Repeat exactly each line of the data provided below.

Dataset entries:
◆ ◆ ◆ ◆ ◆

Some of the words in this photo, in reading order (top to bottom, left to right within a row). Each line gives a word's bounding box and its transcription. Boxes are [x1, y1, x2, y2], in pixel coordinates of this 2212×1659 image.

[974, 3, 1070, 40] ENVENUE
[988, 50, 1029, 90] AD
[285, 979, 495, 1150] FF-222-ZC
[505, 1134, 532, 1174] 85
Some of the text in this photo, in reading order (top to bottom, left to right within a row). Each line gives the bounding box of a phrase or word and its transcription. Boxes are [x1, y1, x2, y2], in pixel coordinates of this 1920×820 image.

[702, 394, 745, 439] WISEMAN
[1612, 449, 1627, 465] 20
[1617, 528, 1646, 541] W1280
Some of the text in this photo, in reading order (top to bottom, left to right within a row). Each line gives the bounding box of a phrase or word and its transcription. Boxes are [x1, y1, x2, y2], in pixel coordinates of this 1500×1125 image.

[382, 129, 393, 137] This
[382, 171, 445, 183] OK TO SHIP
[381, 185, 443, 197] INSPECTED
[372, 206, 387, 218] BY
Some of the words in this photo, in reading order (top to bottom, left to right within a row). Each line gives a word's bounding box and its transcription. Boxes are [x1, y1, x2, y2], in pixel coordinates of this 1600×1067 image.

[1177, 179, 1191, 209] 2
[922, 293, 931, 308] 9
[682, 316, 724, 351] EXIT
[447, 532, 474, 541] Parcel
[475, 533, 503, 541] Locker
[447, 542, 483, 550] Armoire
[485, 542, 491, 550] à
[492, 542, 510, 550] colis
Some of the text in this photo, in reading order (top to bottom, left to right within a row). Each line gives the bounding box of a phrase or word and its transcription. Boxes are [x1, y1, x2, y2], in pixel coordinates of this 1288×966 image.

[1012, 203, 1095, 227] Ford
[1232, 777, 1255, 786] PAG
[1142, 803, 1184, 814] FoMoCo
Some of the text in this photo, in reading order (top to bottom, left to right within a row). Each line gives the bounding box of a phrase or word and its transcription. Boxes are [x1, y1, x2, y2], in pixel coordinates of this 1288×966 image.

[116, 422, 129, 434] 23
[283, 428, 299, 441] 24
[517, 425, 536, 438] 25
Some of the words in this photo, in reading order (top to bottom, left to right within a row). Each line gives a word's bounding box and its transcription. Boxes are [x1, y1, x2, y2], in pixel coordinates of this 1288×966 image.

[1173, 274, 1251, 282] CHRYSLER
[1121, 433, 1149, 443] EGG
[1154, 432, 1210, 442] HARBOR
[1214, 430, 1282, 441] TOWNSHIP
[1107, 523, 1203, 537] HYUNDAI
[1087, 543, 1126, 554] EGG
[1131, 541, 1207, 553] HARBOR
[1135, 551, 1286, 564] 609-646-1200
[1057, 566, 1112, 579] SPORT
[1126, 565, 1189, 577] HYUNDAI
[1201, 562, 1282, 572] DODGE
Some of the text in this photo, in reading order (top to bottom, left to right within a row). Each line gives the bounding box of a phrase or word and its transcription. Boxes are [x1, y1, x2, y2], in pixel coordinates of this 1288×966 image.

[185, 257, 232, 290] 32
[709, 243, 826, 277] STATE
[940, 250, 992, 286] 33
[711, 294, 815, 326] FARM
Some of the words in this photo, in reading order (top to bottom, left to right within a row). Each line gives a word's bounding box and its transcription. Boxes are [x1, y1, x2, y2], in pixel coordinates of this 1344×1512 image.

◆ ◆ ◆ ◆ ◆

▸ Result below
Some of the words in this photo, in reading order (top to bottom, left to right within a row). Each line gives a word's bounding box and its transcription. Boxes are [x1, y1, x2, y2], in pixel coordinates of this 2212×1659 image.

[974, 3, 1070, 40] ENVENUE
[988, 50, 1029, 90] AD
[285, 979, 495, 1150] FF-222-ZC
[505, 1134, 532, 1174] 85
Some of the text in this photo, in reading order (top to bottom, left to right within a row). Each line gives the bounding box of a phrase or word and its transcription. Boxes are [x1, y1, x2, y2], in pixel coordinates of this 1920×820 image.

[702, 394, 745, 439] WISEMAN
[1612, 449, 1627, 465] 20
[1617, 528, 1646, 541] W1280
Some of the text in this photo, in reading order (top to bottom, left to right within a row). Each line gives the bounding box of a phrase or word and its transcription. Boxes are [x1, y1, x2, y2], in pixel coordinates of this 1500×1125 image.

[382, 129, 393, 137] This
[382, 171, 445, 183] OK TO SHIP
[381, 185, 443, 197] INSPECTED
[372, 206, 387, 218] BY
Some of the words in this photo, in reading order (top to bottom, left to right within a row). Each line gives a word's bounding box and its transcription. Boxes are [x1, y1, x2, y2], in pixel coordinates of this 1600×1067 image.

[1177, 179, 1191, 209] 2
[922, 293, 931, 308] 9
[682, 316, 724, 351] EXIT
[447, 532, 474, 541] Parcel
[475, 533, 503, 541] Locker
[447, 542, 483, 550] Armoire
[485, 542, 491, 550] à
[492, 542, 510, 550] colis
Some of the text in this photo, in reading order (top to bottom, left to right within a row). Each line gives the bounding box of a phrase or word and its transcription. Boxes are [x1, y1, x2, y2], in pixel coordinates of this 1288×966 image.

[1012, 203, 1095, 227] Ford
[1232, 777, 1255, 786] PAG
[1142, 803, 1184, 814] FoMoCo
Some of the text in this photo, in reading order (top to bottom, left to right within a row). Each line gives the bounding box of a phrase or word and its transcription. Boxes are [x1, y1, x2, y2], in pixel coordinates of this 1288×966 image.

[116, 422, 129, 434] 23
[283, 428, 299, 441] 24
[517, 425, 536, 438] 25
Some of the words in this photo, in reading order (top to bottom, left to right within a row). Each line gives a word's bounding box and its transcription. Boxes are [x1, y1, x2, y2], in pixel coordinates of this 1288×966 image.

[1173, 274, 1251, 282] CHRYSLER
[1121, 433, 1149, 443] EGG
[1154, 432, 1210, 442] HARBOR
[1214, 430, 1282, 441] TOWNSHIP
[1107, 523, 1203, 537] HYUNDAI
[1087, 543, 1126, 554] EGG
[1131, 541, 1207, 553] HARBOR
[1135, 551, 1286, 564] 609-646-1200
[1057, 566, 1112, 579] SPORT
[1126, 565, 1189, 577] HYUNDAI
[1201, 562, 1282, 572] DODGE
Some of the text in this photo, in reading order (top to bottom, left to right within a row). Each line gives the bounding box of a phrase or word and its transcription. Boxes are [x1, y1, x2, y2], in pixel coordinates of this 1288×966 image.

[185, 257, 232, 290] 32
[709, 243, 826, 277] STATE
[940, 250, 992, 286] 33
[711, 294, 815, 326] FARM
Some of the words in this photo, in reading order (top to bottom, left to right within a row). Each line gives a word's bounding box and its transcription. Boxes are [x1, y1, x2, y2], in pixel coordinates of this 1344×1512 image.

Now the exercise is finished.